[Opening Provided records section]
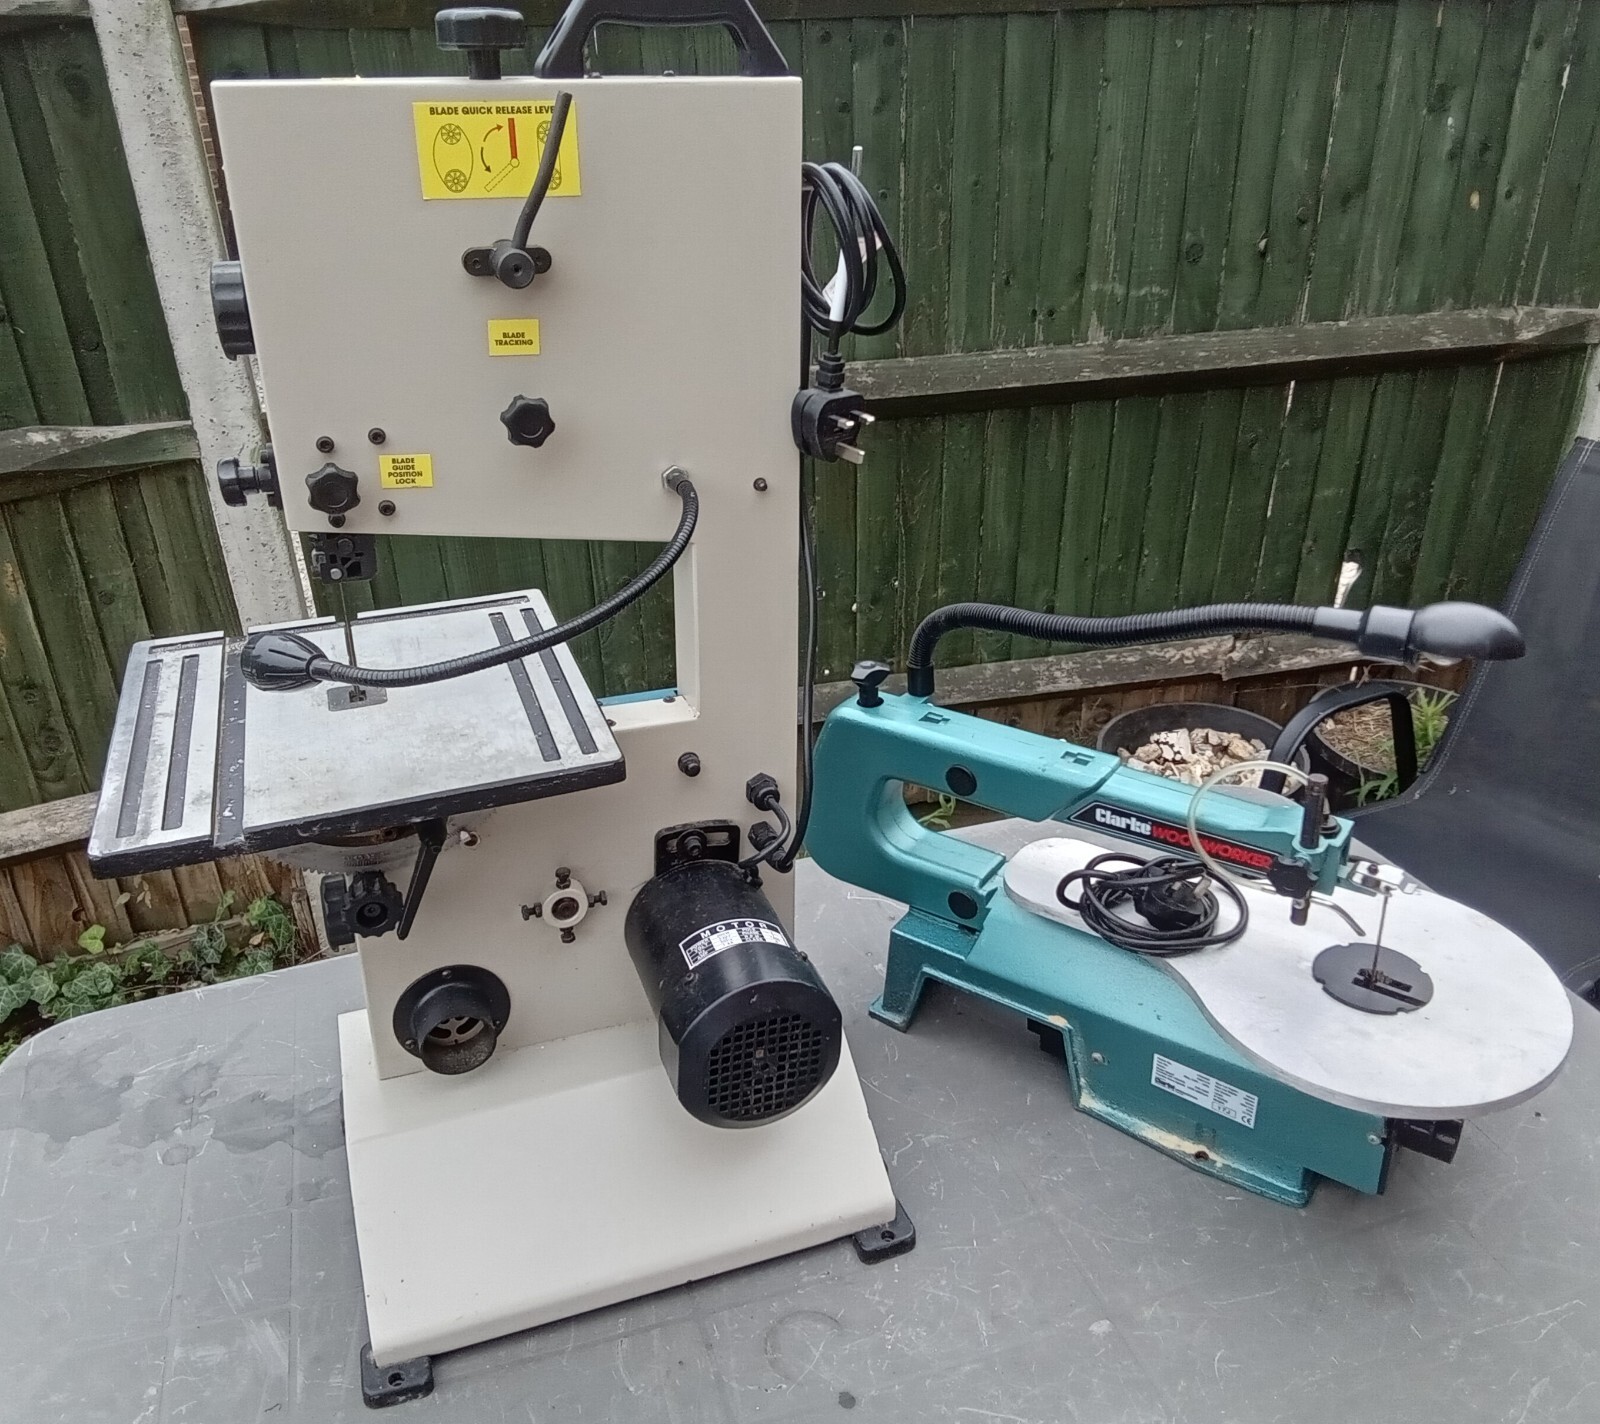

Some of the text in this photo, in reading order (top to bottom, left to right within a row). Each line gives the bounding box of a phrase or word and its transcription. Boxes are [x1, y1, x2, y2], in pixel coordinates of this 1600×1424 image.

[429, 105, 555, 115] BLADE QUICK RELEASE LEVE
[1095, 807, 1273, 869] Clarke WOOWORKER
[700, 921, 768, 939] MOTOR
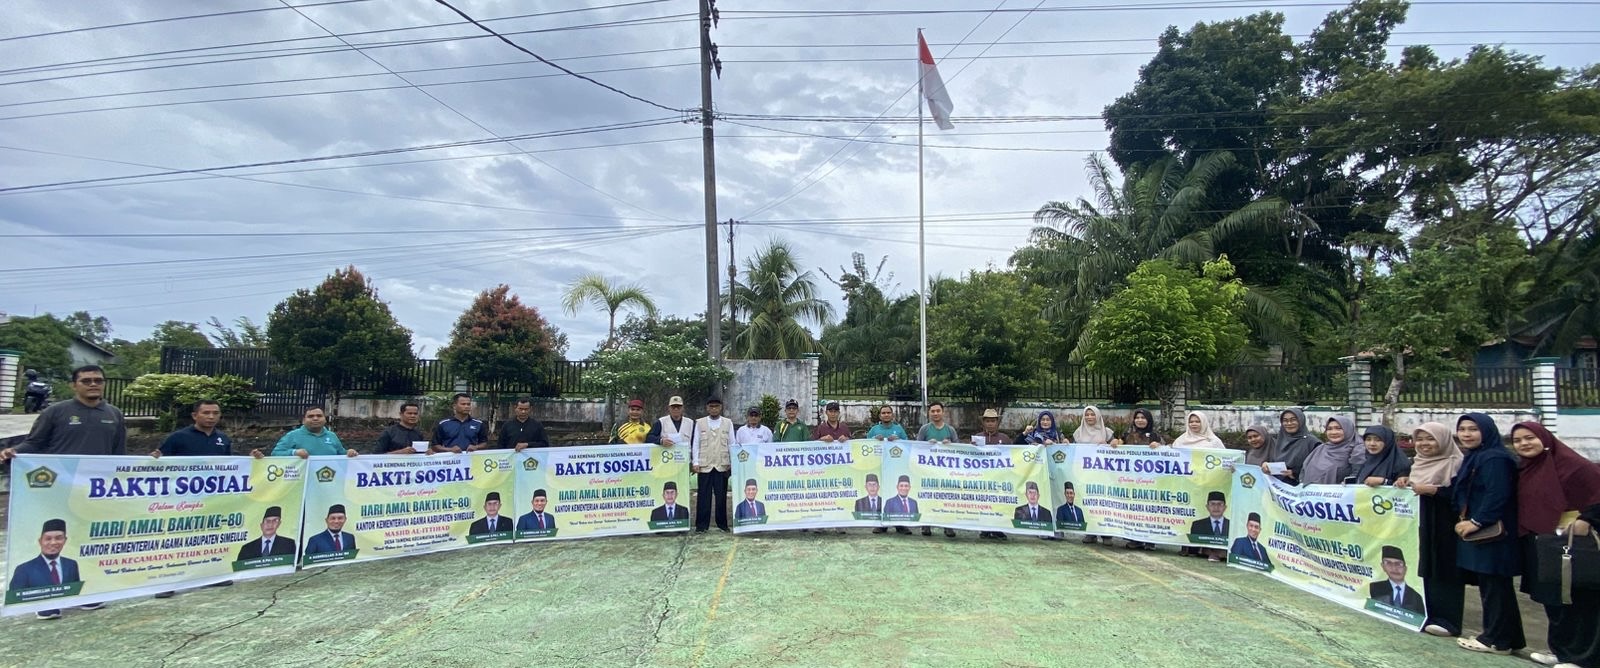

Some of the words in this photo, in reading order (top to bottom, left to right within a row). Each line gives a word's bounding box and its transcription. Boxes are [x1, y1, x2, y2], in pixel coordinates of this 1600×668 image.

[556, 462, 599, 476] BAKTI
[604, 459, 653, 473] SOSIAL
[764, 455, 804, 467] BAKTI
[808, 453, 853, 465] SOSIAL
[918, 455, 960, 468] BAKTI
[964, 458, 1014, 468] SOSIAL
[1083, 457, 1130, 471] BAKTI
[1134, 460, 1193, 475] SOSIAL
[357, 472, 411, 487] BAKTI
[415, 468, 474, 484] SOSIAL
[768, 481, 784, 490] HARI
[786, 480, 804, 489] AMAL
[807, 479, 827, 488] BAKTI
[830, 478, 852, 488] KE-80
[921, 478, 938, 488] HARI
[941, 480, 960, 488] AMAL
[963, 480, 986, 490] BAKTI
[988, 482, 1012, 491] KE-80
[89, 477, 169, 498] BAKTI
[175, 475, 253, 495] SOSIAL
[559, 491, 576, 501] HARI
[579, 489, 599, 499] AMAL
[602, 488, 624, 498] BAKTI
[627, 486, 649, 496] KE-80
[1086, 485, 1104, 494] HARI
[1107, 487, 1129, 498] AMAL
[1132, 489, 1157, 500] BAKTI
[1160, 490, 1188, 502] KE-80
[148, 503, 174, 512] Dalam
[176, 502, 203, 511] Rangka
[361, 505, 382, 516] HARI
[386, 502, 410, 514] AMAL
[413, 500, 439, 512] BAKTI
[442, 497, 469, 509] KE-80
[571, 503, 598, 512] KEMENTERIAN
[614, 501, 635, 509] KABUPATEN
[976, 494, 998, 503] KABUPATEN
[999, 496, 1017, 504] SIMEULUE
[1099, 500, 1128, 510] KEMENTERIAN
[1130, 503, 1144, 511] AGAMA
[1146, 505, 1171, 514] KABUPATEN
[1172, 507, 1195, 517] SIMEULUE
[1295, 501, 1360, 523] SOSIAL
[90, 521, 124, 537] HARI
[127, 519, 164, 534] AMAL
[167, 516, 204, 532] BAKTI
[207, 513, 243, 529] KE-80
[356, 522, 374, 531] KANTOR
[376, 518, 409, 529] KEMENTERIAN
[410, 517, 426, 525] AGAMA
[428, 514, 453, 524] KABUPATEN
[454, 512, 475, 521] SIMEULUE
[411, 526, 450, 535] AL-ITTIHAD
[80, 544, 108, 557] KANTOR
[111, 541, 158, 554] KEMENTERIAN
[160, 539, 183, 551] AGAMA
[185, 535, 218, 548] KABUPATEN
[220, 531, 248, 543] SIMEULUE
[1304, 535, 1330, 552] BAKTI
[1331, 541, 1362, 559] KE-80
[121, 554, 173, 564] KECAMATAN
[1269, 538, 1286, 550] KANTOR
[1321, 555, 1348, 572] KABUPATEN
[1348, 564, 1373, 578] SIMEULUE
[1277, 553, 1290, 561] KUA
[Closing Provided records section]
* The task *
From the first line to the last, write out the data above exactly. Omit the pictures.

* Answer to this problem *
Some of the text in this photo, in reading order (top to bottom, left to right within a row). Each line gives the bounding box of a phrase or word and its transcription. Boxes are [x1, y1, x2, y2], in pixel coordinates of this 1600×1424 image.

[429, 105, 555, 115] BLADE QUICK RELEASE LEVE
[1095, 807, 1273, 869] Clarke WOOWORKER
[700, 921, 768, 939] MOTOR

Some of the words in this photo, in reading order (top to bottom, left to right within a row). Each line gives a word's bounding box and its transcription. Boxes are [x1, y1, x2, y2], in pixel coordinates of this 1600×668 image.

[556, 462, 599, 476] BAKTI
[604, 459, 653, 473] SOSIAL
[764, 455, 804, 467] BAKTI
[808, 453, 853, 465] SOSIAL
[918, 455, 960, 468] BAKTI
[964, 458, 1014, 468] SOSIAL
[1083, 457, 1130, 471] BAKTI
[1134, 460, 1193, 475] SOSIAL
[357, 472, 411, 487] BAKTI
[415, 468, 474, 484] SOSIAL
[768, 481, 784, 490] HARI
[786, 480, 804, 489] AMAL
[807, 479, 827, 488] BAKTI
[830, 478, 852, 488] KE-80
[921, 478, 938, 488] HARI
[941, 480, 960, 488] AMAL
[963, 480, 986, 490] BAKTI
[988, 482, 1012, 491] KE-80
[89, 477, 169, 498] BAKTI
[175, 475, 253, 495] SOSIAL
[559, 491, 576, 501] HARI
[579, 489, 599, 499] AMAL
[602, 488, 624, 498] BAKTI
[627, 486, 649, 496] KE-80
[1086, 485, 1104, 494] HARI
[1107, 487, 1129, 498] AMAL
[1132, 489, 1157, 500] BAKTI
[1160, 490, 1188, 502] KE-80
[148, 503, 174, 512] Dalam
[176, 502, 203, 511] Rangka
[361, 505, 382, 516] HARI
[386, 502, 410, 514] AMAL
[413, 500, 439, 512] BAKTI
[442, 497, 469, 509] KE-80
[571, 503, 598, 512] KEMENTERIAN
[614, 501, 635, 509] KABUPATEN
[976, 494, 998, 503] KABUPATEN
[999, 496, 1017, 504] SIMEULUE
[1099, 500, 1128, 510] KEMENTERIAN
[1130, 503, 1144, 511] AGAMA
[1146, 505, 1171, 514] KABUPATEN
[1172, 507, 1195, 517] SIMEULUE
[1295, 501, 1360, 523] SOSIAL
[90, 521, 124, 537] HARI
[127, 519, 164, 534] AMAL
[167, 516, 204, 532] BAKTI
[207, 513, 243, 529] KE-80
[356, 522, 374, 531] KANTOR
[376, 518, 409, 529] KEMENTERIAN
[410, 517, 426, 525] AGAMA
[428, 514, 453, 524] KABUPATEN
[454, 512, 475, 521] SIMEULUE
[411, 526, 450, 535] AL-ITTIHAD
[80, 544, 108, 557] KANTOR
[111, 541, 158, 554] KEMENTERIAN
[160, 539, 183, 551] AGAMA
[185, 535, 218, 548] KABUPATEN
[220, 531, 248, 543] SIMEULUE
[1304, 535, 1330, 552] BAKTI
[1331, 541, 1362, 559] KE-80
[121, 554, 173, 564] KECAMATAN
[1269, 538, 1286, 550] KANTOR
[1321, 555, 1348, 572] KABUPATEN
[1348, 564, 1373, 578] SIMEULUE
[1277, 553, 1290, 561] KUA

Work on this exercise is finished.